Friday, February 1, 2013

7 ways social media can help you build a sustainable arts career this year

Hey there,

I was inspired to right this addendum after reading a wonderful piece by Tim Cynova, Deputy Director at Fractured Atlas, 7 Ways to Build A Sustainable Art Career This Year. It's a list compiled by the staff at Fractured Atlas, and I'd highly recommend reading that article for the full context, to which I'm adding these social media...nuggets.

With that, thank you to Tim and his team for providing such a great spring board, and I hope you find something useful and actionable.
  1. "Practice your networking." - in addition to the various opportunities mentioned, social media is another great platform to practice it, particularly Twitter whose main strength is in facilitating conversation, whether they be a simple reply or an extended twitter chat.
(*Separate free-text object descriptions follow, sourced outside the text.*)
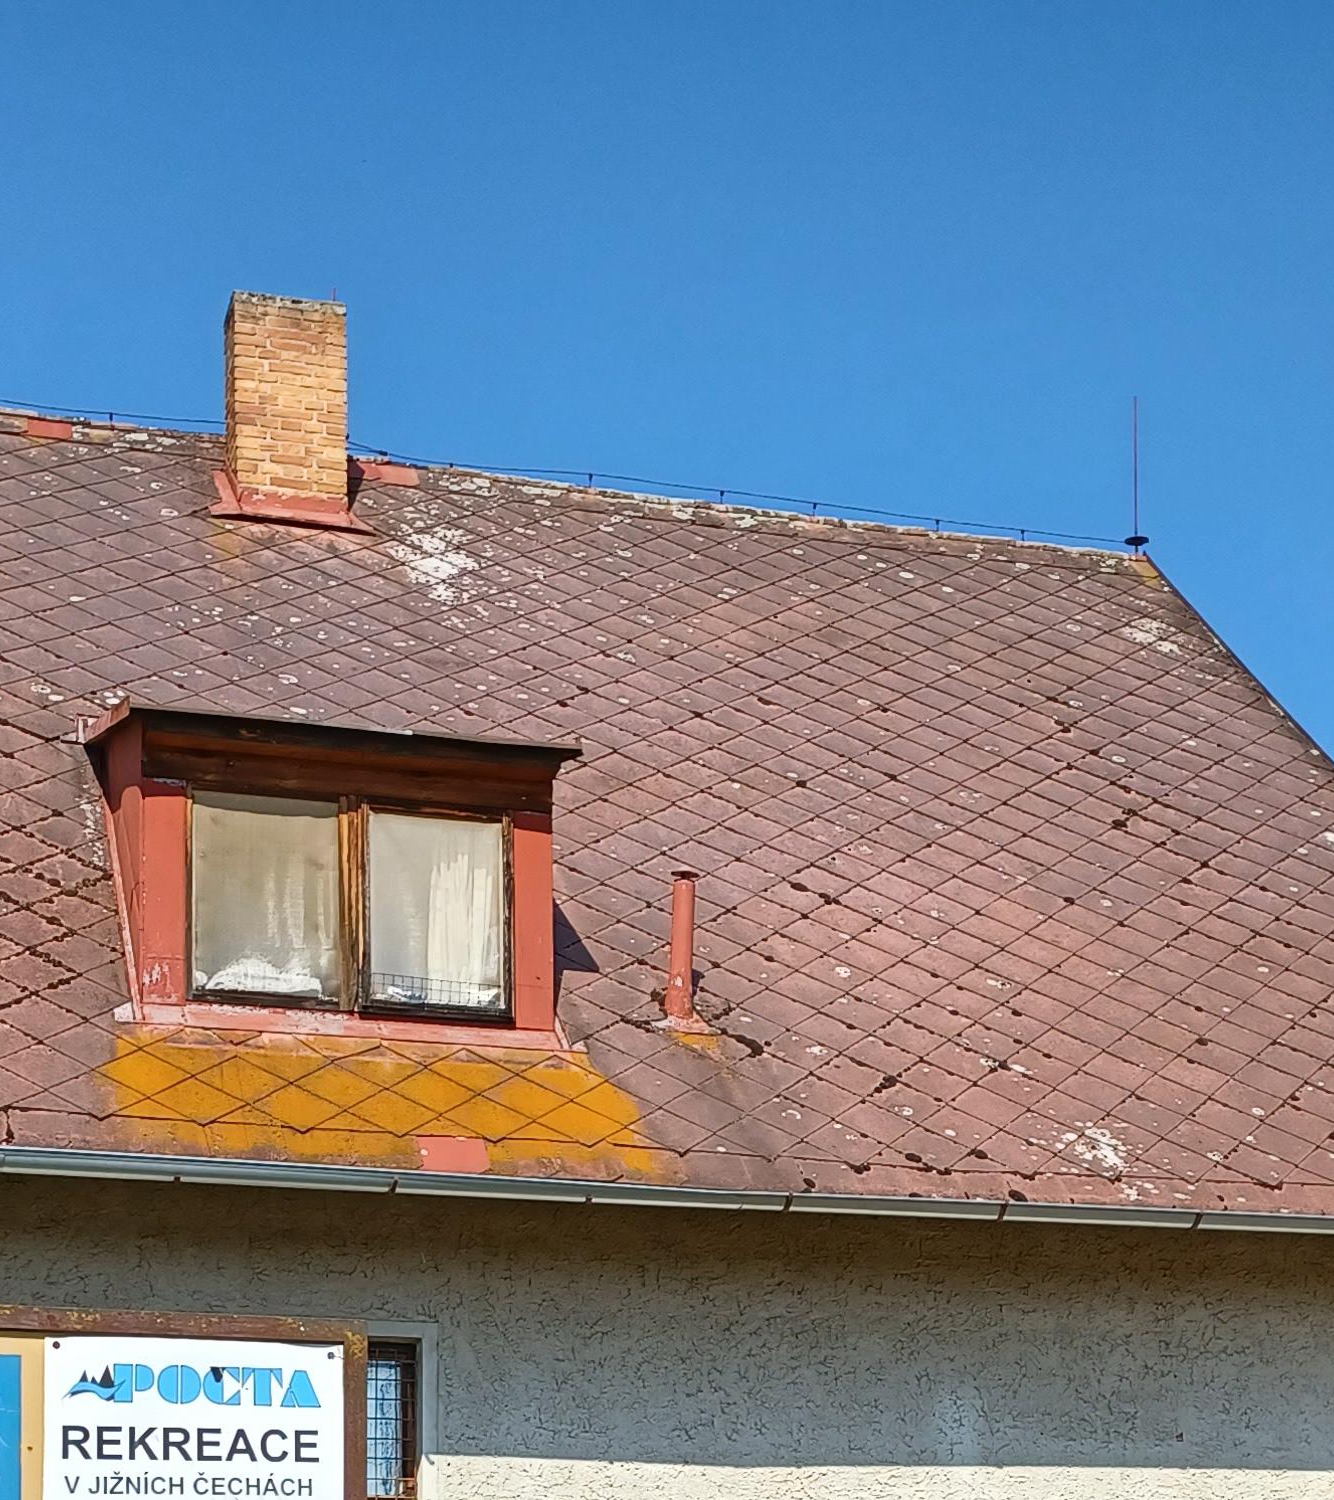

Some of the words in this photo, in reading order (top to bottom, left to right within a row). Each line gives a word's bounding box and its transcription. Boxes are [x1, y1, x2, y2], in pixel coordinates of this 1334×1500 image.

[113, 1363, 321, 1408] POČTA
[62, 1425, 319, 1462] REKREACE
[63, 1475, 81, 1495] V
[88, 1471, 184, 1495] JIŽNÍCH
[193, 1472, 312, 1496] ČECHÁCH
And there are networking opportunities on multiple levels. You can reach out nationally with hashtags like #newplay, or you jump in locally by looking up a regional or local hashtag, like in the DC area, we've got #dcarts.

    Biggest bit of advice? It's crucial that you listen and reply. It's almost like joining the staff or board of an organization, take some time to feel out the climate of the conversation, the temperature of the tone. Because if you make it about you from the get-go, people are less apt to substantively engage with you, much like in real life, ironically.
  2. "Be a well-informed arts professional." - This one's great, and speaks to just being knowledgeable about your craft, what's going on in your sector, support that's available to you, what your peers are up to, how the public is engaging with relevant work. And with social media, it just makes informing yourself that much more personal, with a greater chance of building new relationships.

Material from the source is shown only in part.